AHMET ÇAKIR / DARENDE

Darende’de ayakkabı tamirciliği yani köşkerlik mesleği yok olma tehlikesiyle karşı karşıya. İlçede bu işi sürdüren tek usta 65 yaşındaki Yalçın Ateş, hem baba mesleğini yaşatmaya çalışıyor hem de kaybolan zanaatların son temsilcilerinden biri olmanın hüznünü yaşıyor.

DİLE KOLAY 41 SENELİK YOLCULUK

Çırak yetişmemesinden ve ilçedeki mesleğinin son temsilcisi olmasından dolayı üzüntülü olan usta alçın Ateş, “Ben Yalçın Ateş, 65 yaşındayım. 1984’te askerden geldim, o günden beri bu işi yapıyorum. Rahmetli babam Ateş Usta derlerdi, ben de onun çırağıyım. Okuldan kalan zamanlarda ve yaz tatillerinde babamın yanında çırak olarak çalışırdım. Liseyi bitirdikten sonra üniversiteye gitmedim, baba mesleğini sürdürdüm. Bizim çıraklık dönemimizde her köşkerin yanında iki üç çırak olurdu. Hem tamir yapardık hem de ayakkabı üretirdik.
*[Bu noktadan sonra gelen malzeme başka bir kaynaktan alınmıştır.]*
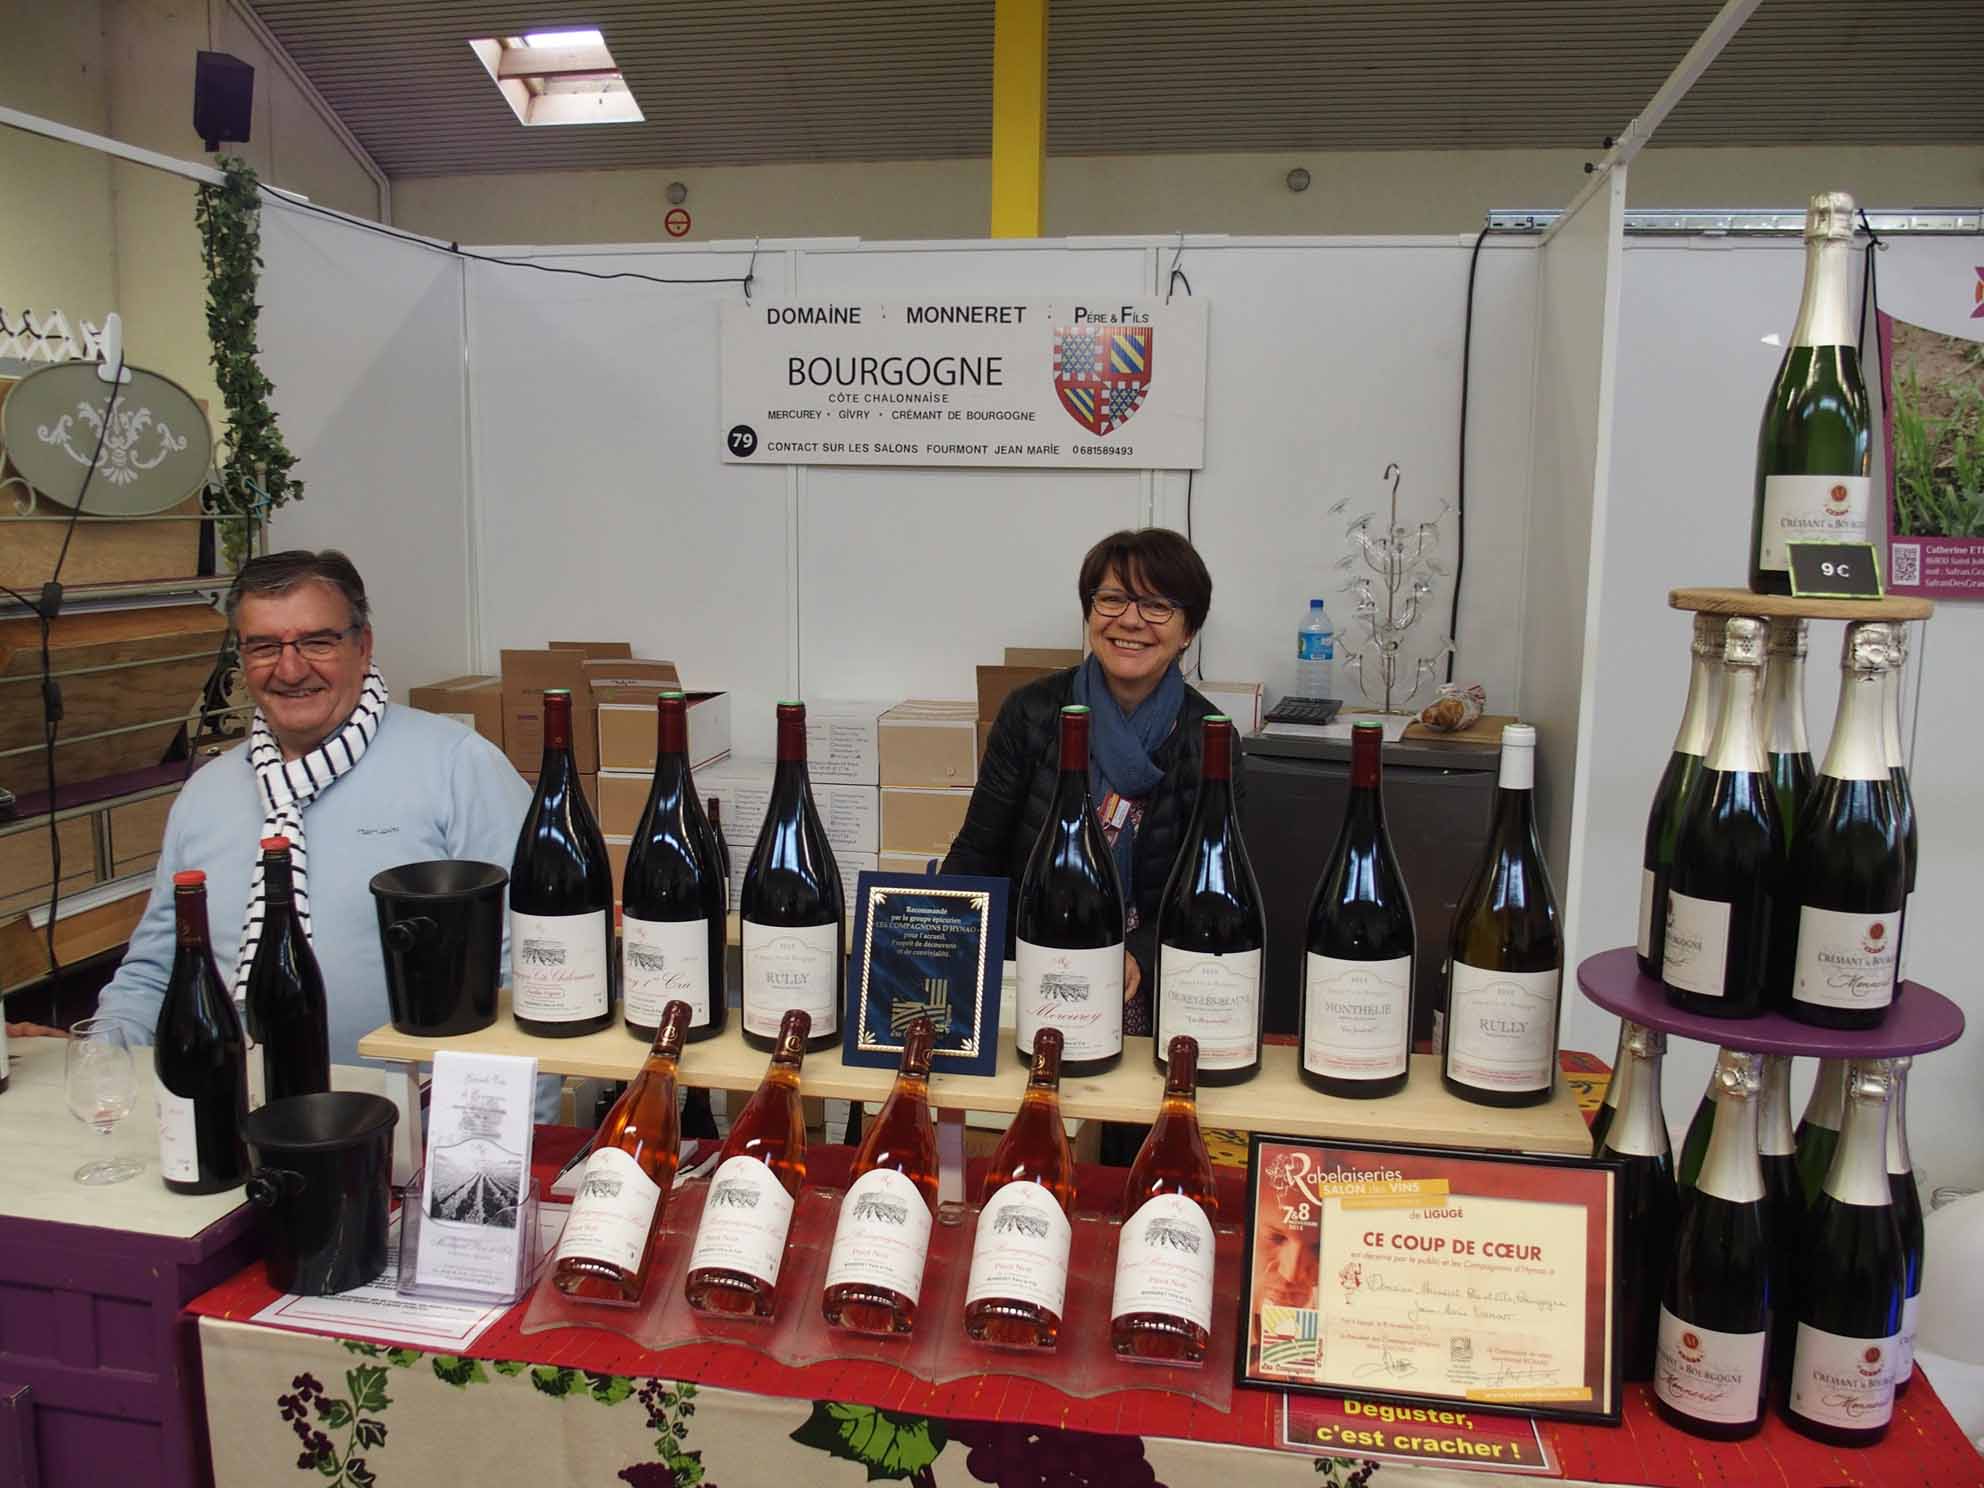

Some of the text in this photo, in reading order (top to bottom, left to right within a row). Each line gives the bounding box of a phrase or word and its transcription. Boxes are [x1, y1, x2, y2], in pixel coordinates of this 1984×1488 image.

[906, 305, 1027, 324] MONNERET
[1109, 314, 1118, 324] &
[788, 356, 1003, 387] BOURGOGNE
[767, 409, 823, 420] MERCUREY
[947, 410, 962, 421] DE
[966, 410, 1036, 422] BOURGOGNE
[731, 432, 754, 449] 79
[767, 442, 819, 453] CONTACT
[822, 443, 845, 453] SUR
[848, 443, 870, 454] LES
[873, 443, 919, 454] SALONS
[926, 444, 988, 455] FOURMONT
[993, 444, 1024, 456] JEAN
[889, 921, 941, 931] COMPAGNONS
[1479, 1018, 1529, 1033] RULLY
[1323, 1183, 1365, 1195] SALON
[1390, 1183, 1421, 1195] VINS
[1362, 1231, 1385, 1249] CE
[1391, 1233, 1446, 1253] COUP
[1452, 1239, 1476, 1255] DE
[1316, 1424, 1522, 1460] c'est cracher !
Eskiden köşkerlik öyle kıymetliydi ki, çocuk doğduğunda annesi ‘Büyüyünce seni köşker çırağı yapacağım’ diye imrenirmiş. Şimdi bu işi yapan bir tek ben kaldım” şeklinde konuştu.

FABRİKA ÜRETİMİ İŞİ BİTİRDİ

Arasta’daki sokakların çekiç sesleriyle dolu olduğunu hatırlatan usta Ateş, “Arasta sokağı komple köşkermiş. Yani bu yeni ayakkabılar çıkınca; terlikler, lastik ayakkabı…Köşkerler pek iş yapamayınca çoğu Adana'ya göç yapmış. Buradan gidenler, Adana'da değişik işler yapmışlar. Son zamanlarda da bu işi yapan ayakkabı tamircisi olarak bir ben kaldım Darende’de. İşte biz de devam ediyoruz; iyi-kötü mesleğimiz. Emekliyim hem de bir ek gelir için uğraşıyorum, boş gezmiyor devam ediyorum. Evime ekmeğimi götürüyorum” ifadelerini kullandı.
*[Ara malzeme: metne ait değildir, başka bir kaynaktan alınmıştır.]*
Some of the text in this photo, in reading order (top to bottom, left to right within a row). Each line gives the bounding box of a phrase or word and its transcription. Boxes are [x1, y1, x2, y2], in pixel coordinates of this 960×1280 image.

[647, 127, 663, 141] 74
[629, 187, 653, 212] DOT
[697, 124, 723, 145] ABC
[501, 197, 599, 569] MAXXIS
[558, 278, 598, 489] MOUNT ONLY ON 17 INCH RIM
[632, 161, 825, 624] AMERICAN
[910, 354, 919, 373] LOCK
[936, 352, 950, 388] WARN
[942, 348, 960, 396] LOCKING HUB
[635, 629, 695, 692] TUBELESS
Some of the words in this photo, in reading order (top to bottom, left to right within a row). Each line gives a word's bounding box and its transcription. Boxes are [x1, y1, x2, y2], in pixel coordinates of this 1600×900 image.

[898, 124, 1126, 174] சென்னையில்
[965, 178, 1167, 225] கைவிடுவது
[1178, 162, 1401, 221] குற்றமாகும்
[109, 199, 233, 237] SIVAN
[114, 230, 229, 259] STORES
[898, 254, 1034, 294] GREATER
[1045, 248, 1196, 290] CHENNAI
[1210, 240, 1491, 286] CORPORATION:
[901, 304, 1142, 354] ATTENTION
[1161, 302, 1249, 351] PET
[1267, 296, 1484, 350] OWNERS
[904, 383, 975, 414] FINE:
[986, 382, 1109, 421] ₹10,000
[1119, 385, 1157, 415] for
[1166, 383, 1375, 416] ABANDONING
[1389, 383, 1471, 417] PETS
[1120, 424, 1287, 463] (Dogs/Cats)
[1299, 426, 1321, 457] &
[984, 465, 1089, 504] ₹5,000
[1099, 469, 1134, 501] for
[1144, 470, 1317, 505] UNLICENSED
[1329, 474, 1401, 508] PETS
GENÇLER MESLEK ÖĞRENMEK İSTEMİYOR

Çırak yetişmemesinden ve meslekler heves edenin olmamasından şikayetçi olan Ateş, “Şu anda hiçbir meslekte çırak yetişmiyor. Terzi de olsun, demirci de olsun, kalaycı olsun, yetişmiyor. Bu nesil de bittikten sonra geriye hiçbir meslek sahibi kalmayacak. Gençlere bu meslekleri öğrenmesini tavsiye ediyorum. Çok iyi olur kendiler için. Okuyunca iş sahibi olamıyorsun zaten. Oku, oku, oku. Nereye kadar? Yeni neslin sanattan uzaklaşması ile işsiz sayımız da artıyor. İşsiz kaldığında bir mesleğin olursa elinde onu devam ettirirsin. Gençler bir telefonu eline almış, bütün gün onunla uğraşıyor. Meslek öğrenmek isteyen yok. Herkes memur olmak istiyor, rahat kazanç peşinde. Oysa bir meslek, bir sanat insanın kolundaki altın bileziktir” dedi.

“KÖŞKERLİK SABIR, DİKKAT VE İNCELİK İSTER”

Ateş, köşkerliğin detaylarını da şöyle anlatıyor: “Köşkerlik kolay meslek değildir; dikkat ister, özen ister, incelik ister. Yemeninin kenarındaki dikişlerin hepsi aynı boyda, inci gibi dizilmelidir. Ustanın önünde yuvarlak bir ceviz kütüğü, deriler, iğneler, kalıplar olurdu. Örsü ayağımızın altına alır, çekiçle ayakkabının şeklini verirdik. İpi balmumuyla sıvazlardık ki daha sağlam olsun. Ayakkabı bir süre kalıpta kalır, sonra rötuşlanır, boyanır ve vitrine asılırdı.”